### Aim of the exercise
Could you give back every entry below exactly, with the pictures dropped?

Stored data entries
╭──

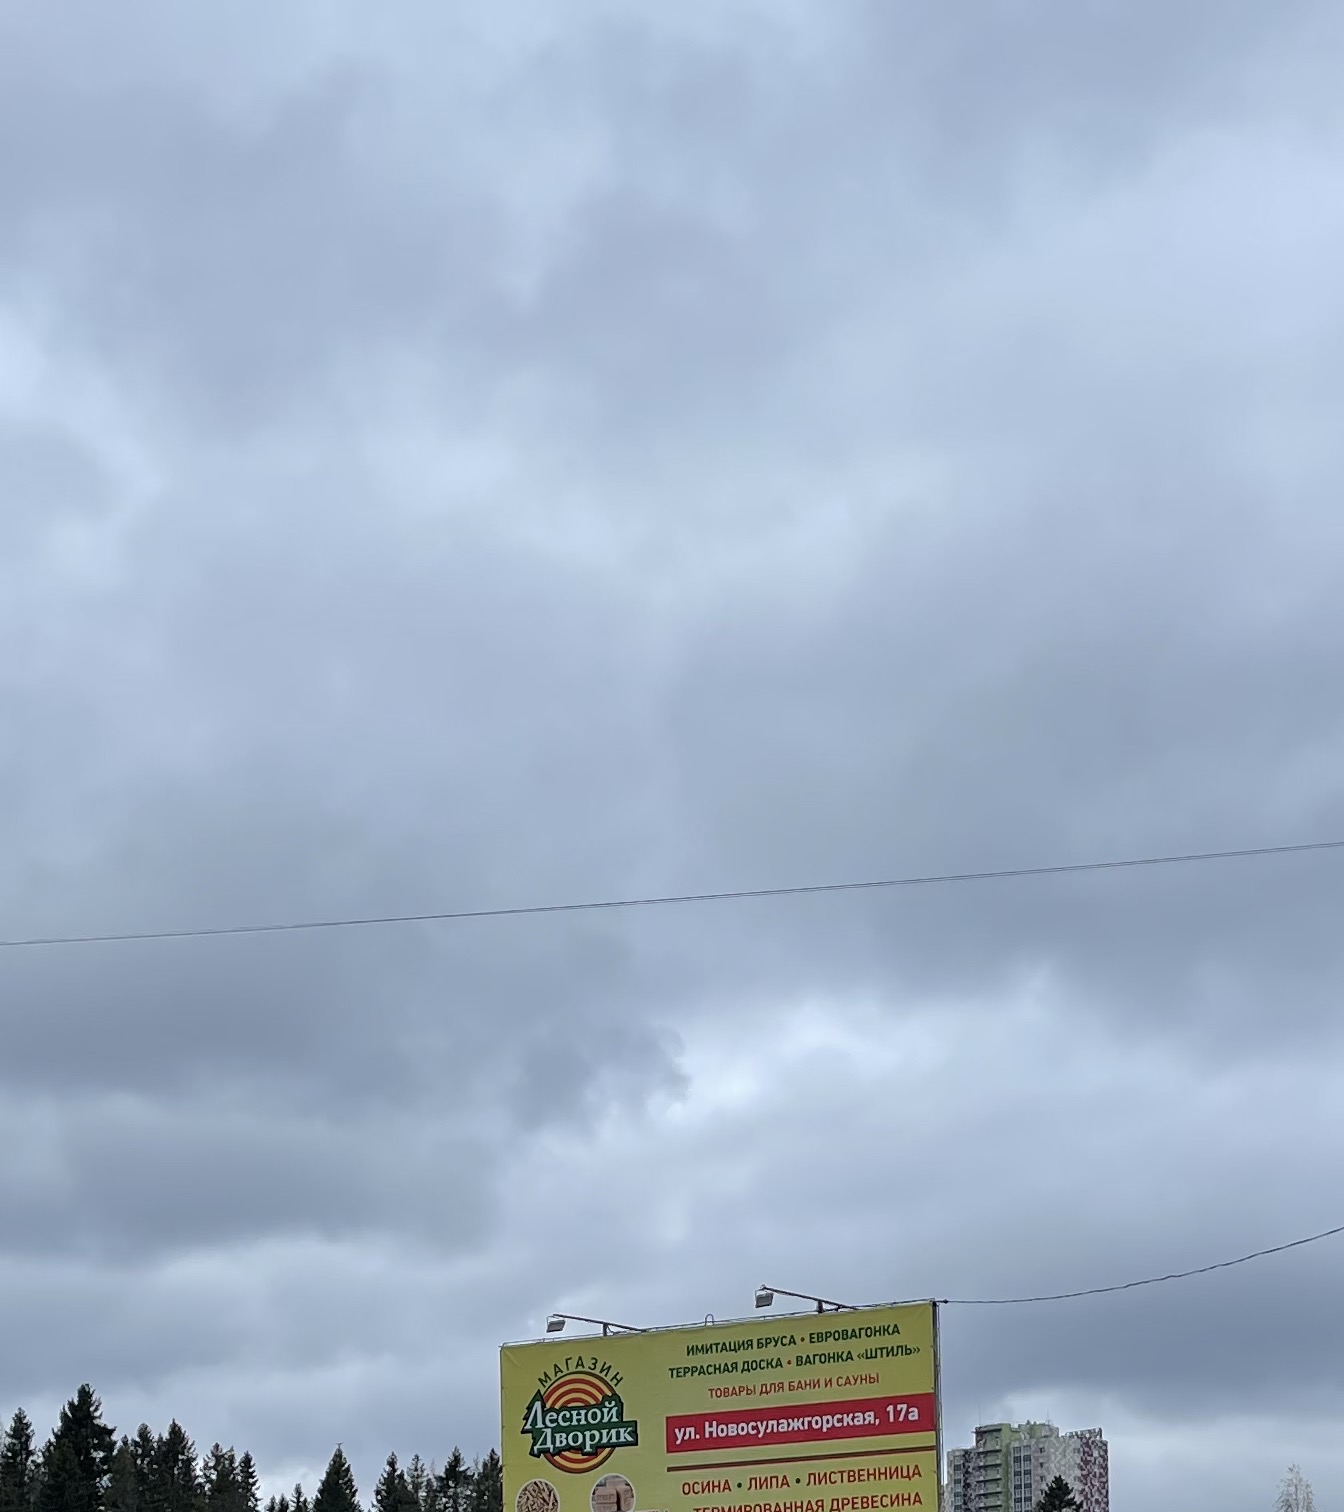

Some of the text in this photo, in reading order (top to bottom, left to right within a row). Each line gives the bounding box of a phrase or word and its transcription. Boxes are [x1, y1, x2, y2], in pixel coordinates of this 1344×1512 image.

[686, 1323, 901, 1357] ИМИТАЦИЯ БРУСА ЕВРОВАГОНКА
[537, 1355, 623, 1389] МАГАЗИН
[668, 1344, 921, 1379] ТЕРРАСНАЯ ДОСКА ВАГОНКА «ШТИЛЬ»
[708, 1372, 880, 1399] ТОВАРЫ ДЛЯ БАНИ И САУНЫ
[523, 1400, 620, 1430] Лесной
[674, 1403, 919, 1446] ул. Новосулажгорская, 17а
[534, 1426, 635, 1455] Дворик
[681, 1464, 923, 1496] ОСИНА ЛИПА ЛИСТВЕННИЦА

╰──

### Response
Some of the text in this photo, in reading order (top to bottom, left to right within a row). Each line gives the bounding box of a phrase or word and its transcription. Boxes are [x1, y1, x2, y2], in pixel coordinates of this 1344×1512 image.

[686, 1323, 901, 1357] ИМИТАЦИЯ БРУСА ЕВРОВАГОНКА
[537, 1355, 623, 1389] МАГАЗИН
[668, 1344, 921, 1379] ТЕРРАСНАЯ ДОСКА ВАГОНКА «ШТИЛЬ»
[708, 1372, 880, 1399] ТОВАРЫ ДЛЯ БАНИ И САУНЫ
[523, 1400, 620, 1430] Лесной
[674, 1403, 919, 1446] ул. Новосулажгорская, 17а
[534, 1426, 635, 1455] Дворик
[681, 1464, 923, 1496] ОСИНА ЛИПА ЛИСТВЕННИЦА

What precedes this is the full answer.